Mirla Pérez
Hoy viene a mi mente el quinto mandamiento: no matarás. Uno de los valores que ha cruzado toda la civilización occidental. Para los cristianos significa amor a Dios y al hombre (nuestro hermano), no tenemos el permiso de quitar la vida a nadie y eso pasa por el reconocimiento del otro —persona— que nos interpela en su presencia.
La presencia del otro es libertad, no sólo la mía sino la de él. Cuando se infringen las libertades mutuas y el irrespeto a la vida o cualquier posesión de las personas existe el Estado y sus leyes para corregir y velar por las garantía y bienestar del ciudadano.
Hoy vemos con gran asombro (ojalá nunca lo perdamos) cómo la muerte se puede convertir en proyectos político, en exterminio para el control social, sea aplicado al delincuente, a la familia de éste o, simplemente, a todo aquel que se atreva a mostrar disidencia política, social, cultural, de género, etc.

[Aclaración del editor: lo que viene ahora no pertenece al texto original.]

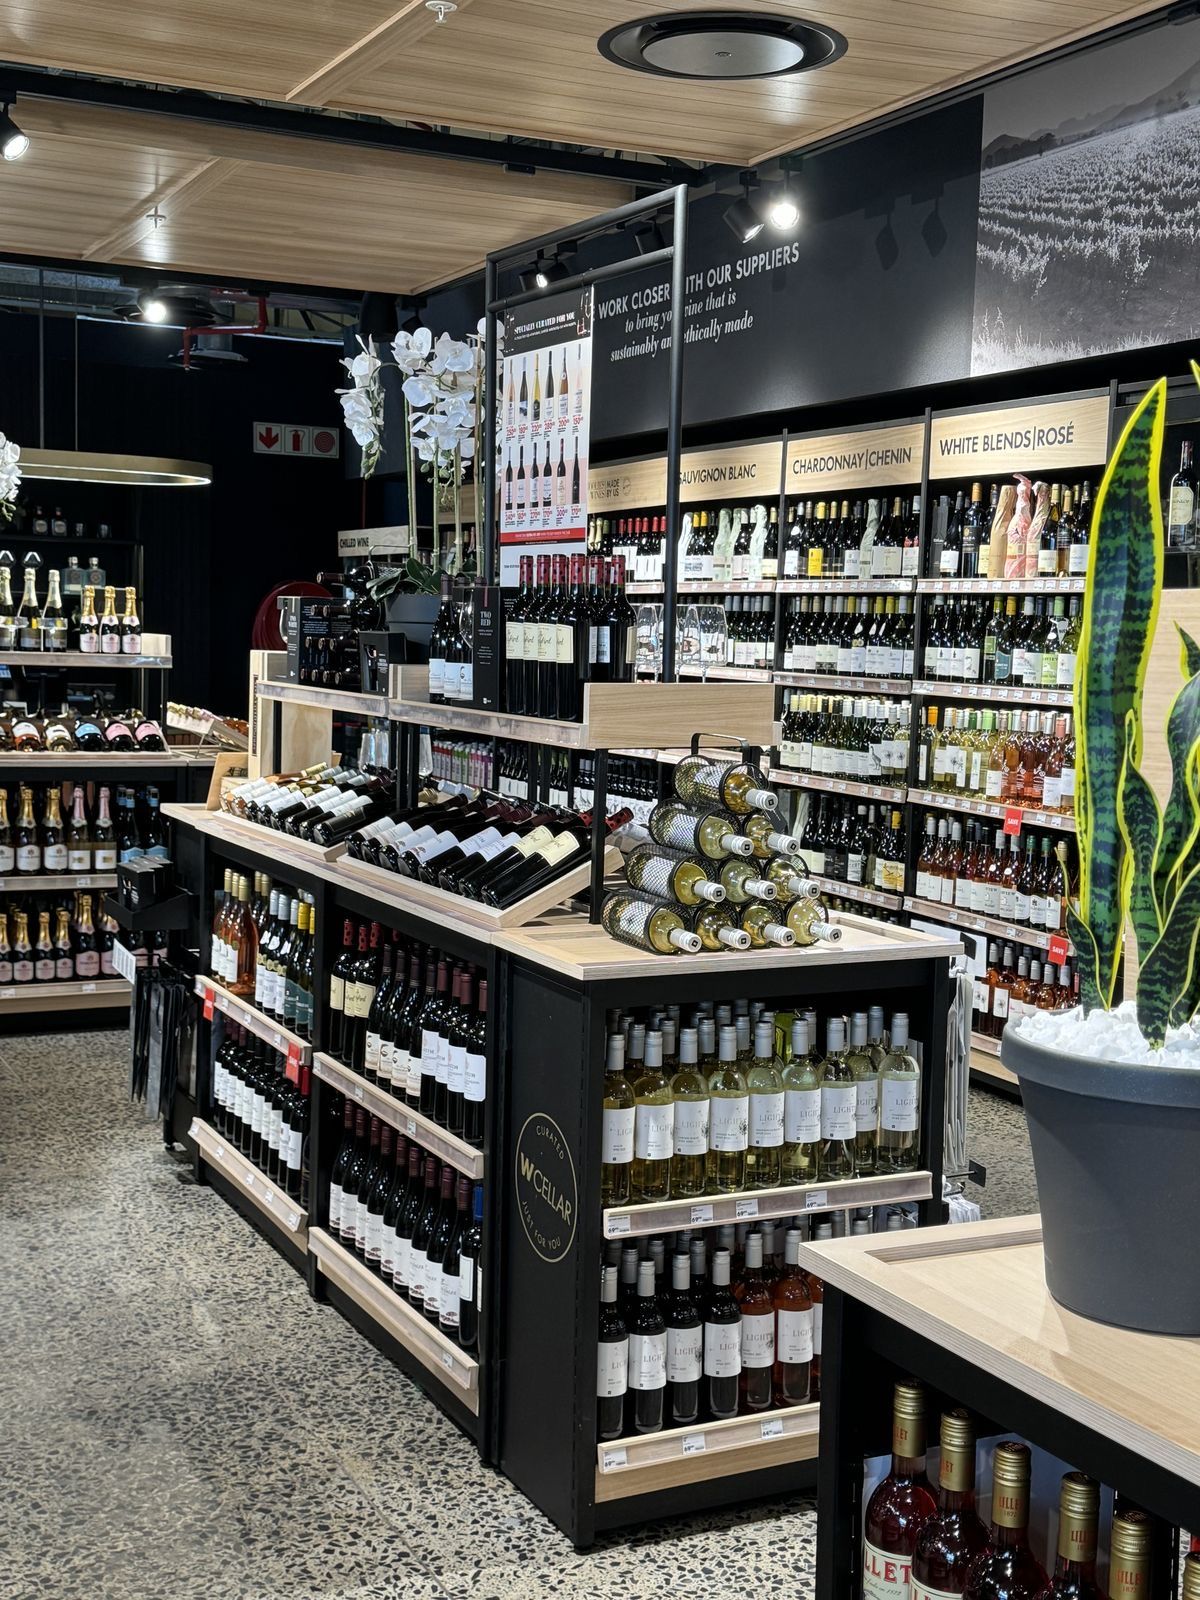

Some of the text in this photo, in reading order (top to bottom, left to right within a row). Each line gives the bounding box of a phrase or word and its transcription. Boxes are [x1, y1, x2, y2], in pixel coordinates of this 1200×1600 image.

[598, 295, 629, 320] WORK
[631, 283, 670, 310] CLOSER
[685, 274, 704, 294] ITH
[706, 264, 732, 288] OUR
[735, 242, 800, 280] SUPPLIERS
[625, 315, 634, 333] to
[635, 312, 659, 332] bring
[661, 311, 673, 330] yo
[705, 292, 726, 312] that
[727, 288, 737, 306] is
[610, 335, 660, 362] sustainably
[660, 335, 673, 350] an
[724, 311, 754, 335] made
[939, 436, 979, 457] WHITE
[728, 463, 757, 480] BLANC
[1007, 818, 1020, 826] SAVE
[1052, 945, 1065, 956] SAVE
[536, 1125, 565, 1160] CURATED
[522, 1200, 562, 1250] JUST FOR YOU

Escribo esto porque me viene impactando cómo en un pueblo del Zulia de no más de 80 mil habitantes la muerte se ha apoderado de la calle, de los hogares, de la persona. “Todos los días hay muertos, y no uno, sino dos, tres y hasta siete”, me dice una vecina despavorida de presenciar lo que en otro tiempo era imposible de pensar.

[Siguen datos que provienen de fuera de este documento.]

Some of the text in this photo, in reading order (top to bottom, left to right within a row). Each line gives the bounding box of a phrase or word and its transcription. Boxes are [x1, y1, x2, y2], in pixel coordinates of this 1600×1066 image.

La muerte provocada por el otro (delincuente o policía) se va metiendo como lógica de la convivencia. El habitante común comienza a ver la muerte como posibilidad de control social y eso es lo grave. La primera muerte que puede la persona justificar es la del delincuente, éste ya no es procesado, investigado ni mucho menos castigado con su libertad sino simplemente eliminado.
Comienzas a escuchar de parte de la población argumentos como este: “se ha multiplicado la maldad, mataron a dos muchachos que robaban una camioneta, pero está bien porque todos ya estamos encerrados, por culpa de la delincuencia…” dicen los habitantes del pueblo, y así se extienden en argumentos que justifican lo injustificables y parece no darse cuenta de la enorme afectación a la convivencia ciudadana.

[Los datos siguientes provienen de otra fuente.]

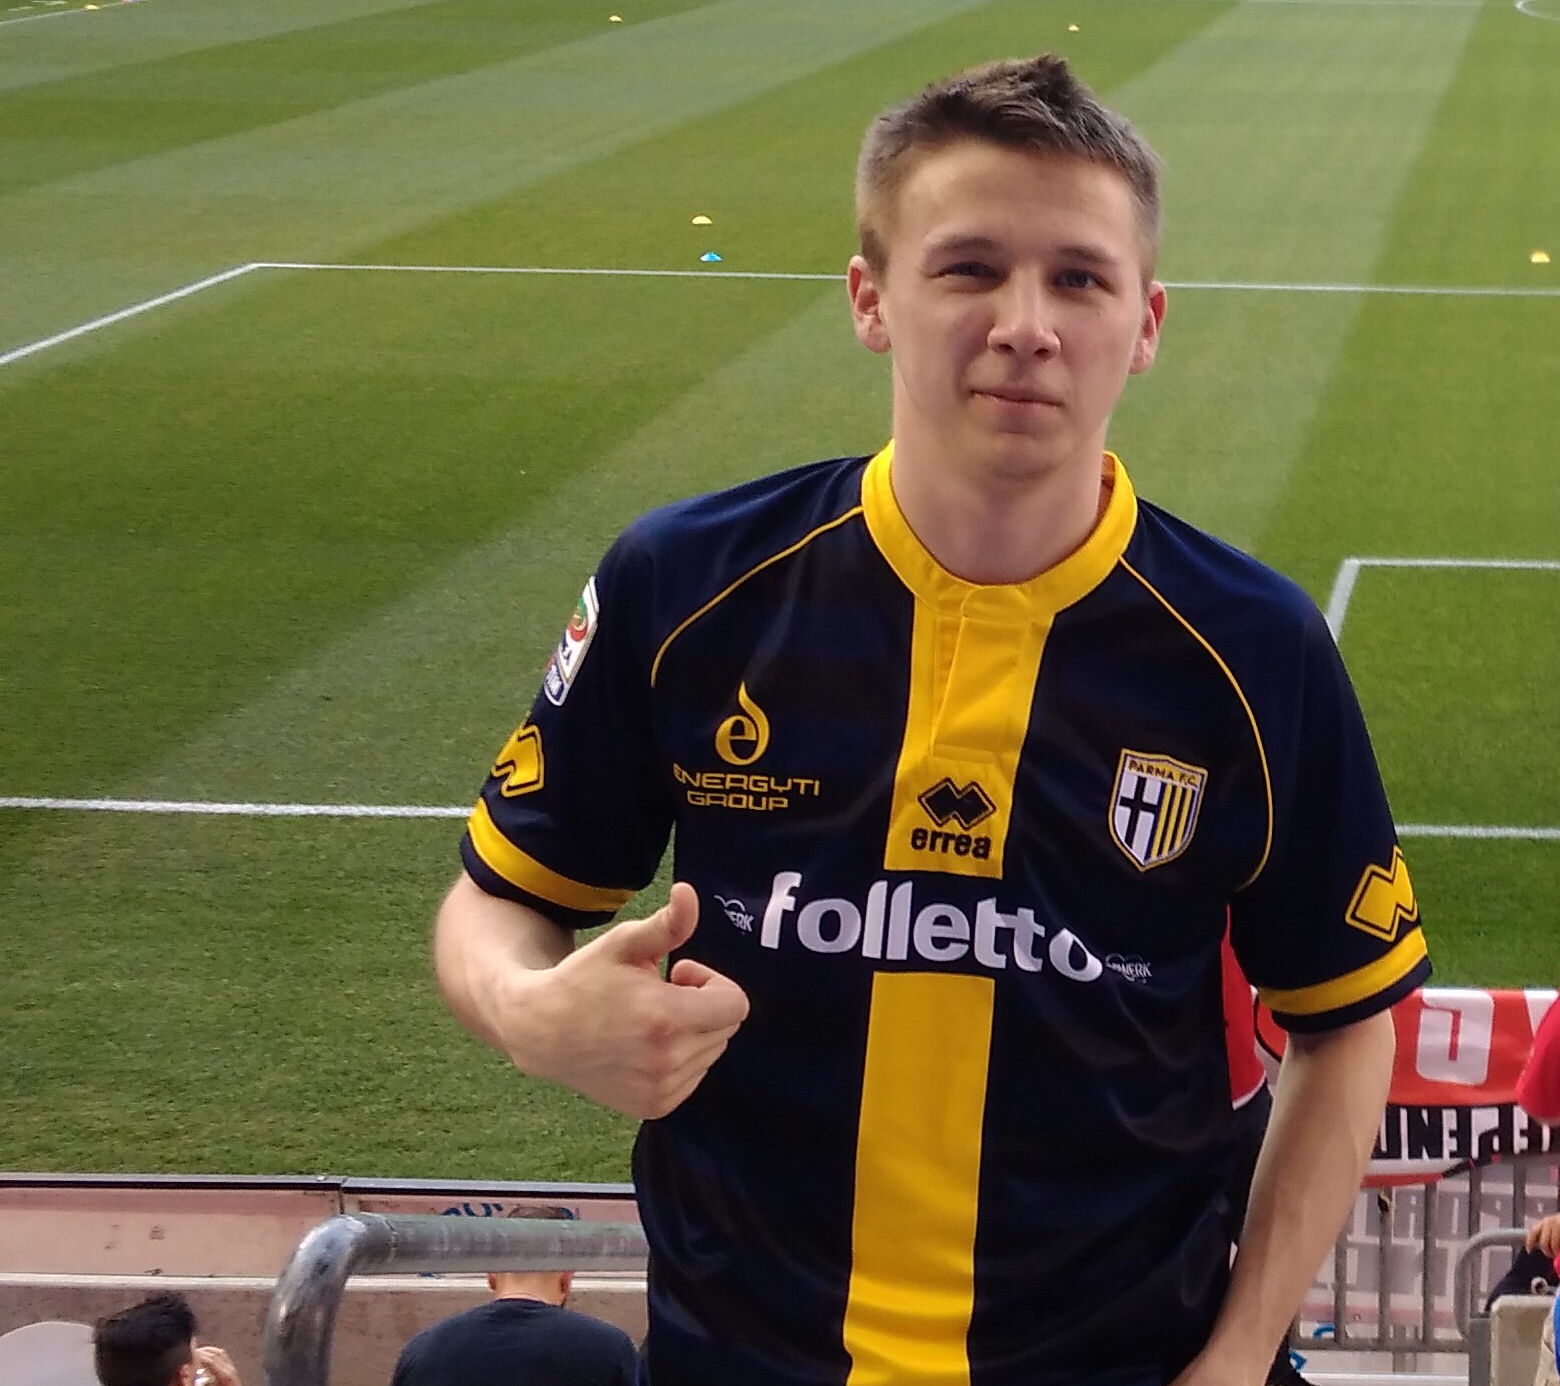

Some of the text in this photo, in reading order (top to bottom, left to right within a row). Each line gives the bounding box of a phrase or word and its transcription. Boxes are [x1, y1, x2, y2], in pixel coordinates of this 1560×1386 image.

[1129, 759, 1175, 781] PARMA
[687, 789, 789, 811] GROUP
[760, 870, 1103, 983] folletto

Hay Estado, uno que actúa bajo la sombra del crimen y la impunidad. Un Estado que eligió matar y condenar sin juicio tanto al delincuente como al que piensa distinto. Un Estado que decide actuar de esa manera está asentado en el presupuesto de que el otro al que regula no es humano. Nos han quitado el alma y nos han cosificado para podernos dominar. El emplazamiento humano se perdió y queda sólo la dominación totalitaria que extermina y elimina al otro cuando como proyecto político así lo requiere.
La acción criminal de los cuerpos policiales y de los delincuentes entre sí y hacia toda la población comienza a presentarse como modelaje social muy peligroso. En este pueblo que presento como referencia, me crie, imposible proyectar en el pasado un futuro colmado de tantas muertes. Lo impensable se concreta en la realidad de un proyecto criminal.
El modelaje se proyecta y va madurando, quedé sin aliento cuando en sus múltiples relatos los vecinos dicen: “mataron a palo al hijo de José… lo llevaron al hospital, pero no logró sobrevivir”. José fue un amigo de mi infancia, su hijo (culpable o no) muere hoy en manos de la comunidad, primer linchamiento de mi querido pueblo de 80 mil habitantes.
La convivencia no puede estar basada en la muerte y la eliminación del otro. El linchamiento va tomando un cuerpo que espanta tanto como la criminalidad del delincuente y como la de los organismos policiales. Reina la libertad de matar en impunidad, desde ahí no puede proyectarse una sociedad ni comunidad.
Esta realidad nos mueve el piso y nos obliga a pensar: ¿qué hacer? El diagnóstico es claro: el mal viene del régimen político, las salidas confusas, lo que va quedando claro es nuestro compromiso como cristianos y como personas que procuremos el bien. ¡Mucho por hacer!